2. There is no Latency
記得設定 timeout

3. Bandwidth is infinite
因為頻寬不是無限的，跨越節點發送太大的訊息，有可能影響到節點彼此之間的 heartbeat ，進而讓節點之間互相以為對方已死。
If, for some reason, you need to be sending large messages, be extremely careful. The way Erlang distribution and communication works over many nodes is especially sensitive to large messages. If two nodes are connected together, all their communications will tend to happen over a single TCP connection. Because we generally want to maintain message ordering between two processes (even across the network), messages will be sent sequentially over the connection. That means that if you have one very large message, you might be blocking the channel for all the other messages.

How to build stable systems

 How to build stable systems 算是一篇集大成的文章，內容同時涵蓋了軟體開發的各種層面，並且提出作者認為合理、有效的作法。

在「前置準備」方面，他主張，『如果要試用新的技術，只能做單一賭博』不要一口氣嘗試太多技術，過度增加專案的危險性。
A project usually have a single gamble only. Doing something you’ve never done before or has high risk/reward is a gamble. Picking a new programming language is a gamble. Using a new framework is a gamble. Using some new way to deploy the application is a gamble. Control for risk by knowing where you have gambled and what is the stable part of the software. Be prepared to re-roll (mulligan) should the gamble come out unfavorably.

在「系統規畫」方面：
由於作者來自 erlang 的背景，他的思維是以 micro-services 做為預設值，所以他主張，模組與模組之間要透過 protocol 來溝通。( 注意：傳統的系統規畫通常是建議，系統先做成 monolithic，模組與模組之間先透過 API 來溝通，之後再逐步視需要，將模組變成獨立運作的 service。)
Your system is a flat set of modules with loose coupling. Each module have one responsibility and manages that for the rest of the software. Modules communicate loosely via a protocol, which means any party in a communication can be changed, as long as they still speak the protocol in the same way. Design protocols for future extension. Design each module for independence. Design each module so it could be ripped out and placed in another system and still work.

他主張 end-to-end principle 。只有端點需要有複雜的邏輯。

In a communication chain, the end points have intelligence and the intermediaries just pass data on. That is, exploit parametricity on mulitple levels: build systems in which any opaque blob of data is accepted and passed on. Avoid intermediaries parsing and interpreting on data. Code and data changes over time, so by being parametric over the data simplifies change.

在「設置檔」方面，他主張「除非系統真的超大，不然，並不需要全然動態的『設置檔』」所以不需要太早使用 etcd/Consul 之類的，把設置檔放在 S3 即可。

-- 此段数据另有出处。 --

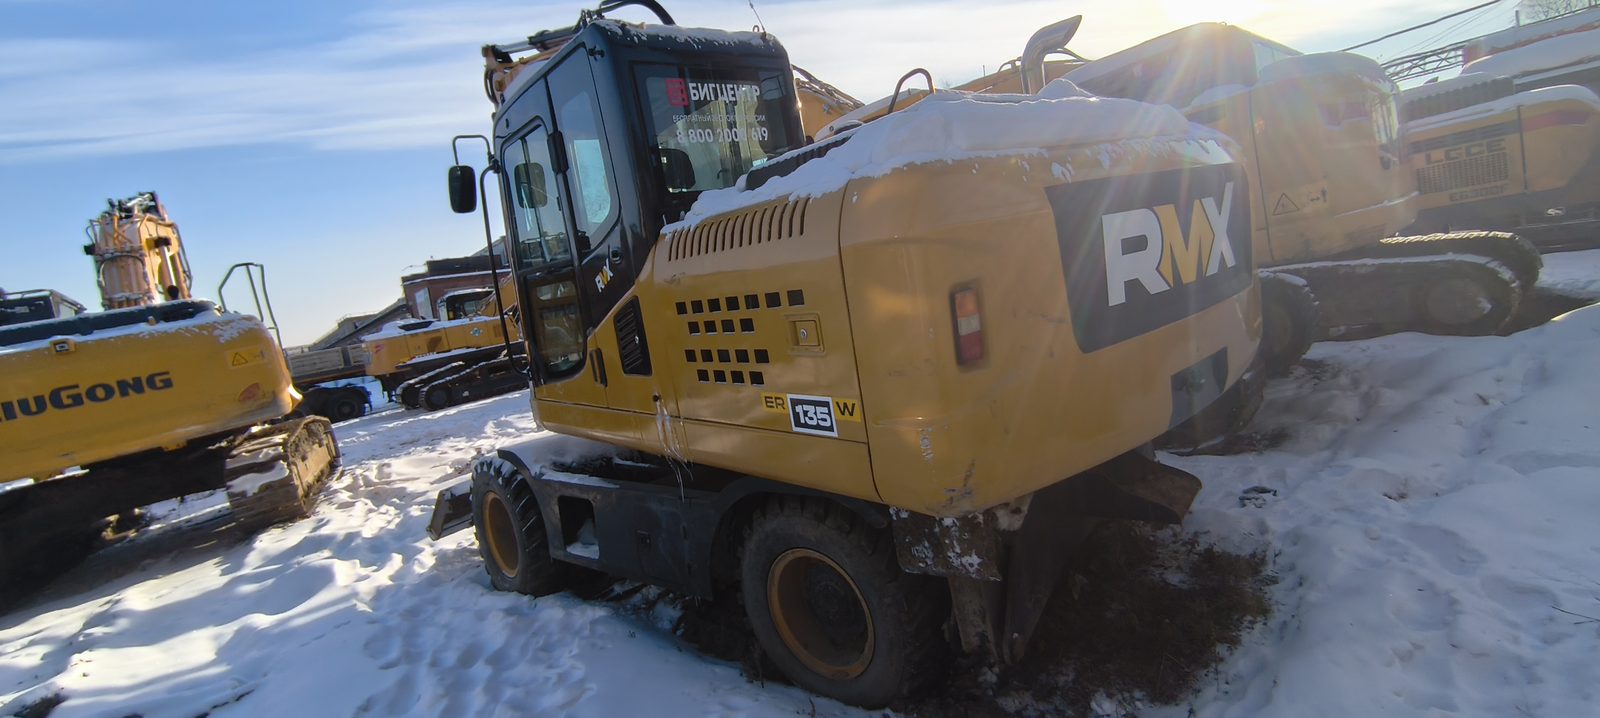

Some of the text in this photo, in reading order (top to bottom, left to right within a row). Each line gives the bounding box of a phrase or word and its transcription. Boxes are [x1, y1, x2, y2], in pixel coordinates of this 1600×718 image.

Avoid the temptation of too early etcd/Consul/chubby setups. Unless you are large, you don’t need fully dynamic configuration systems. A file on S3 downloaded at boot will suffice in many cases.

Erlang 的啟發

(1) Remote procedure call 不是一個好的 idea
What seems like a good, simple idea on the surface -- hiding networks and messages behind a more familiar application-development idiom -- often causes far more harm than good.

Request-response is a network-level message exchange pattern, whereas RPC is an application-level abstraction intended.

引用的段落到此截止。